Non, l'association n'en est pas à son coup d'essai. En 2018, elle avait déjà déposé une plainte, du chef de "négligence par personne dépositaire de l'autorité publique" après que l'Etat avait renoncé à son droit d'acheter 20% d'actions Alstom. Cette plainte avait été classée sans suite par le parquet de Paris. C'est sur la base des mêmes faits que l'association anti-corruption a déposé une nouvelle plainte, requalifiant cette fois le chef d'accusation.

Par ailleurs, concernant l'autre volet sur les faits de corruption, Anticor estime que "si la personne morale Alstom a, par un plaider-coupable, reconnu des faits de corruption qui se sont pérennisés pendant de longues années et si un lampiste a fait un long séjour dans une prison américaine, les personnes physiques coupables de la corruption n'ont pas été poursuivies, ni en France ni ailleurs".

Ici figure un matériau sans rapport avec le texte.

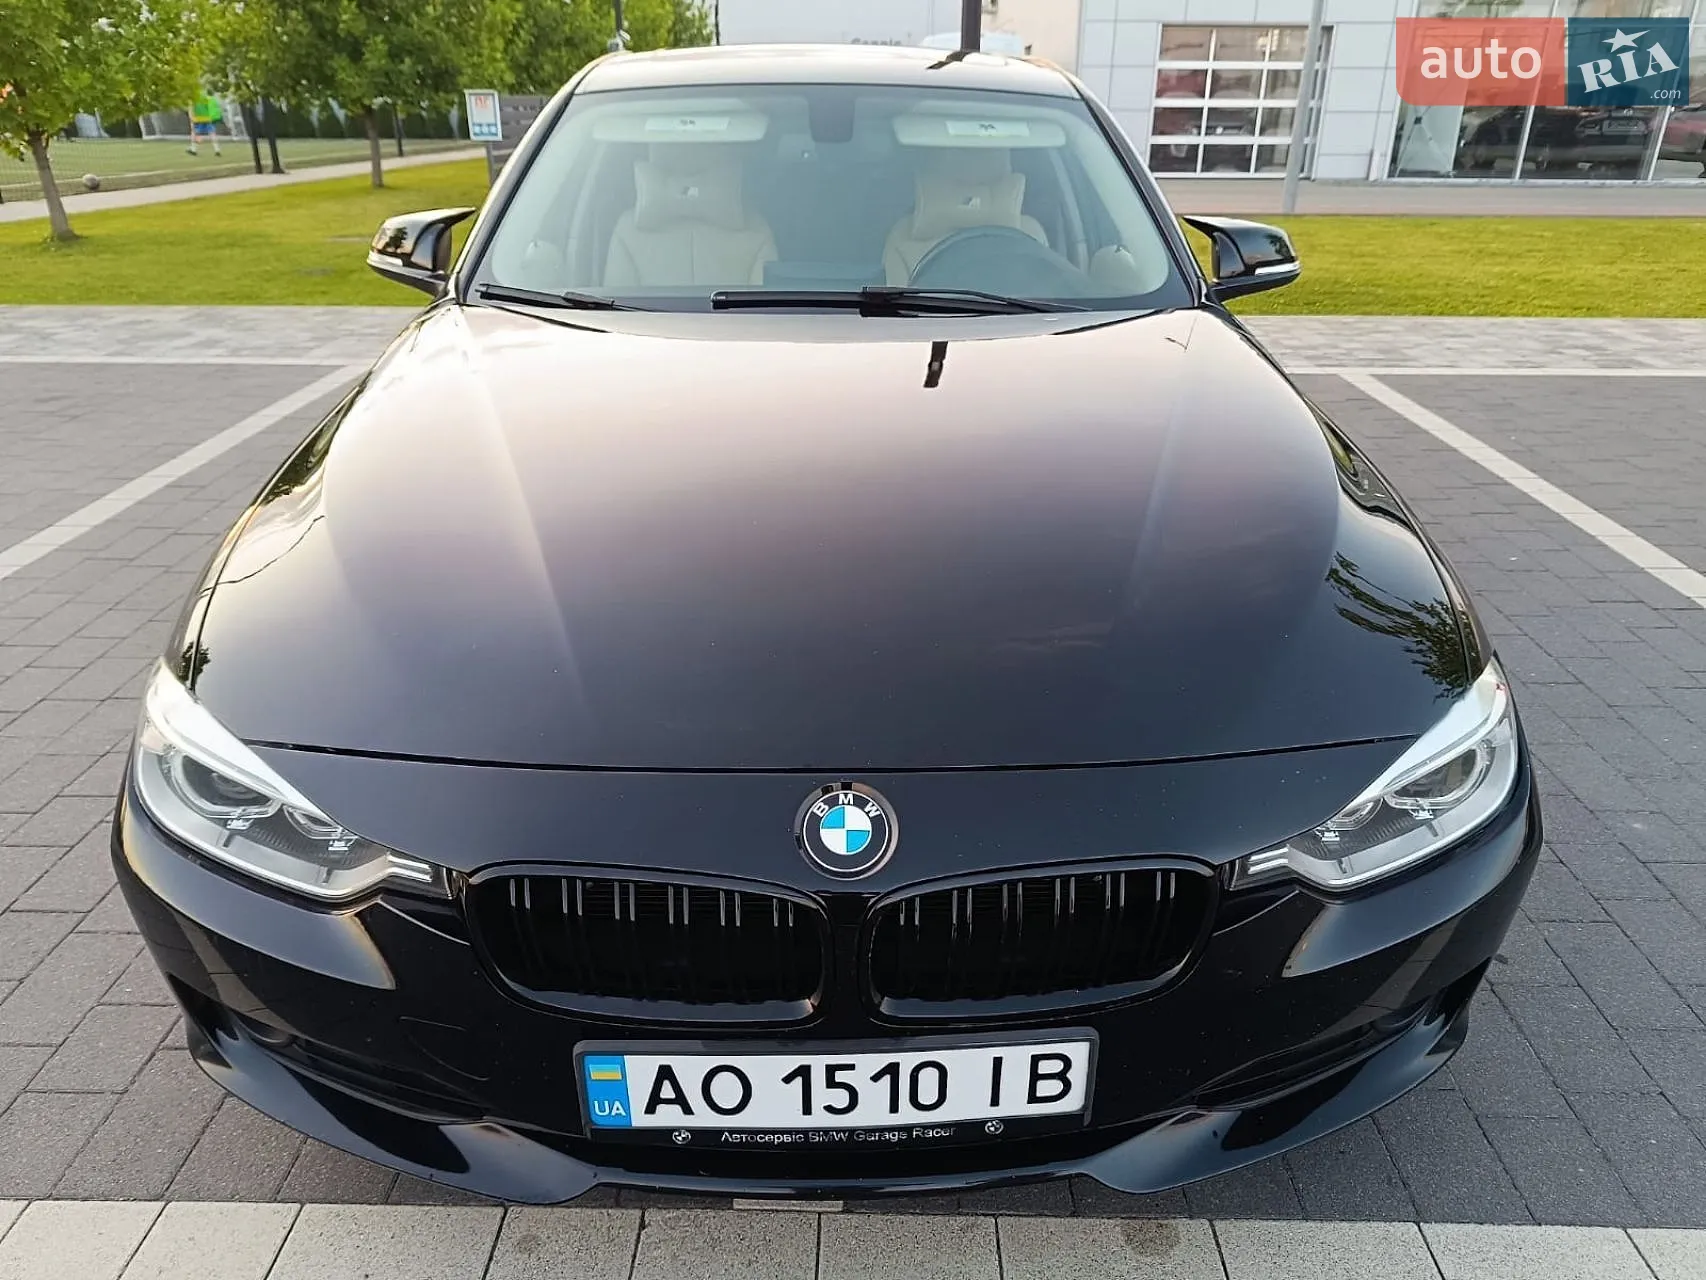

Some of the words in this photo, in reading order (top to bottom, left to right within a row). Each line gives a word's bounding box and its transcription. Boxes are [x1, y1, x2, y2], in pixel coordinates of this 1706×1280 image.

[813, 793, 880, 818] BMW
[643, 1063, 753, 1116] AO
[781, 1060, 949, 1116] 1510
[594, 1100, 626, 1116] UA
[808, 1130, 849, 1143] BMW
[853, 1129, 908, 1143] Garage

4Y a-t-il eu d'autres poursuites contre Alstom sur le dossier du rachat de la branche énergie ?

Une enquête préliminaire est déjà en cours dans le dossier de rachat d'Alstom par General Electric. Elle a été ouverte après que le député LR Olivier Marleix a saisi le parquet de Paris en janvier, afin qu'il enquête sur les circonstances de la vente controversée du pôle énergie d'Alstom. L'élu, qui a conduit la commission d'enquête sur Alstom, soupçonne en effet un "pacte de corruption" qui aurait bénéficié au ministre de l'Economie en poste au moment de la signature finale, à savoir Emmanuel Macron, détaille France 3 Bourgogne Franche-Comté

D'après Le Monde, le député Olivier Marleix a affirmé que, pendant les négociations, Emmanuel Macron aurait "joué un rôle personnel actif et déterminant" dans la vente lorsqu'il était secrétaire général adjoint de la présidence de l'Elysée. Toujours selon le quotidien, "plusieurs intermédiaires financiers travaillant pour des banques conseils, des cabinets d'avocats ou des agences en communication, et qui ont été rémunérés lors de la cession, se sont retrouvés dans la liste des donateurs de la campagne présidentielle d'Emmanuel Macron ou des organisateurs de dîners de levée de fonds"

Après ce signalement, le député avait été entendu par les enquêteurs de l'Office anticorruption de la police judiciaire à la demande du parquet de Paris. 

5Quelles sont les suites ?

La nouvelle plainte d'Anticor pourrait être transférée au parquet national financier (PNF), d'après Le Monde. C'est ce qu'il s'est passé pour la procédure déclenchée par le député Olivier Marleix. Dans ce cas, le nouveau procureur de la république à la tête du parquet national financier, Jean-François Bohnert, nommé le 30 juillet 2019, devra s'emparer de ce dossier délicat. Il remplace Eliane Houlette qui a pris sa retraite le 25 juin dernier.